Constantemente se le veía al licenciado Arroyo Cambero en Mazatlán, donde tenía su familia y acompañaba con frecuencia a los gobernantes en sus giras de trabajo por estas tierras. Ahí se le observaba, todo seriedad, todo energía.

Aquí residía, primero en el antiguo Mazatlán, por la calle Carnaval, frente al teatro Ángel Peralta y posteriormente tuvo su domicilio por la calle Aquiles Serdán, entre Escobedo y Constitución, en pleno punto citadino.

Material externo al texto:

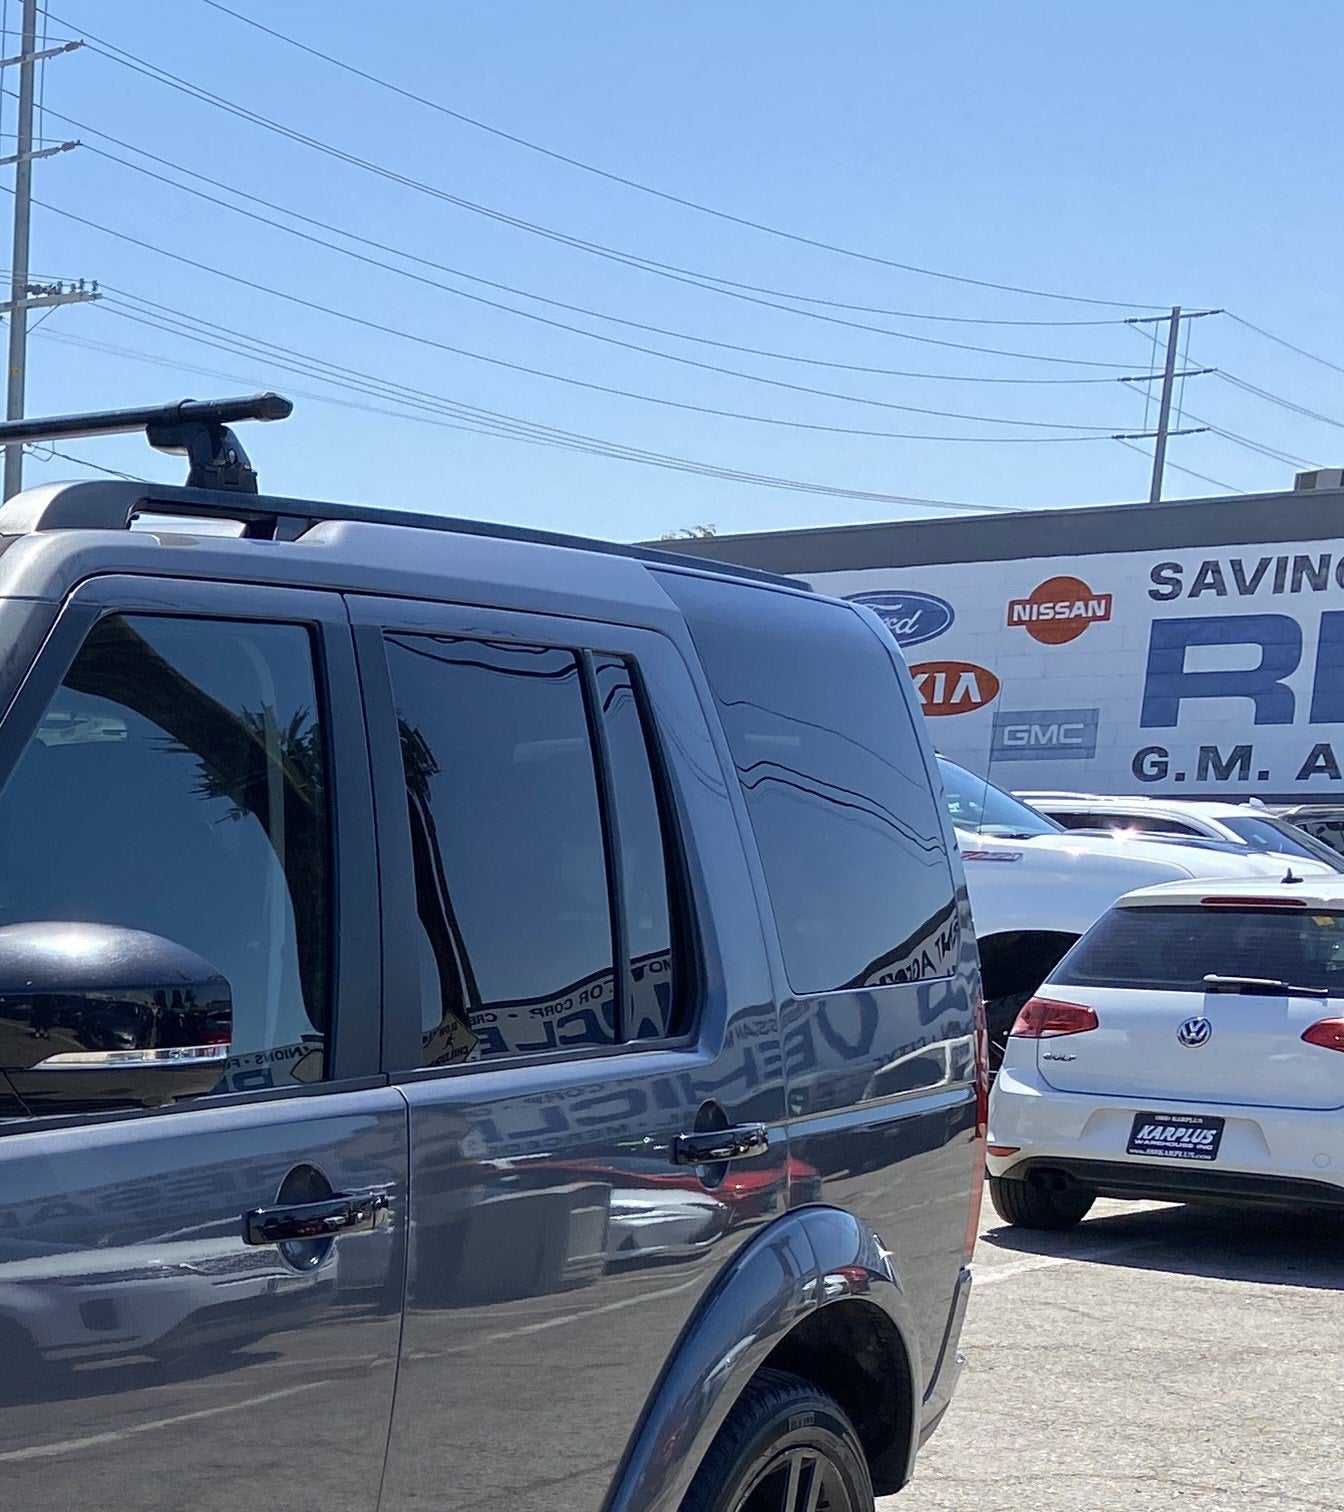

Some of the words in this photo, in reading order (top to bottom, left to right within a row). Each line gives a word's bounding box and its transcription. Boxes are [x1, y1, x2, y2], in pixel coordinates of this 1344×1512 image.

[1012, 598, 1106, 622] NISSAN
[1140, 611, 1344, 728] R
[1003, 723, 1084, 746] GMC
[1132, 744, 1270, 782] G.M.
[1134, 1139, 1194, 1149] WAREHOUSE
[1137, 1125, 1217, 1144] KARPLUS

Ahí crecieron sus cinco hijos, a quienes dio educación acorde a su personalidad. Marco Antonio Arroyo Montero, el único varón, hoy magistrado del Tribunal Colegiado de Oaxaca; Estela, abogada, secretario del Juzgado II de lo Penal en Mazatlán; María Eugenia, abogada canciller en Los Ángeles, California, matrimoniada y residente en la misma ciudad del vecino país; Ana Alicia y Adela Beatriz, quienes aún residen con su familia aquí en Mazatlán.

Hombre de sociedad, el licenciado Arroyo Cambero perteneció al Club Rotario, al Club de Leones y fue uno de los fundadores del Club de la Amistad; fue también presidente del Colegio de Abogados.

En los últimos meses, la salud del licenciado Arroyo Cambero se veía quebrantada. Durante el primer informe de gobierno de Antonio Toledo Corro, su semblante era pálido y más aún en una de sus últimas visitas a Mazatlán.

Hacía poco menos de un año que la afección renal empezó a mermar la salud y ayer en la mañana sucumbió, falleció en la ciudad de México.

El licenciado Ramiro Flores Quezada informó que ayer, durante la noche, sería velado en la ciudad de México, hoy en la mañana estaría su cuerpo en Mazatlán para ser sepultado por la tarde (horario que podría ser cambiado por sus familiares) en el Panteón Renacimiento.

El mundo político de Sinaloa y de México pierde en Arroyo Cambero a un hombre que trabajó por este estado, al cual supo hacer suyo, con profunda sobriedad y sus amigos pierden al amante de la broma, al gran conversador, al hombre del trato fino y caballeroso.

Descanse en paz el licenciado Marco Antonio Arroyo Cambero.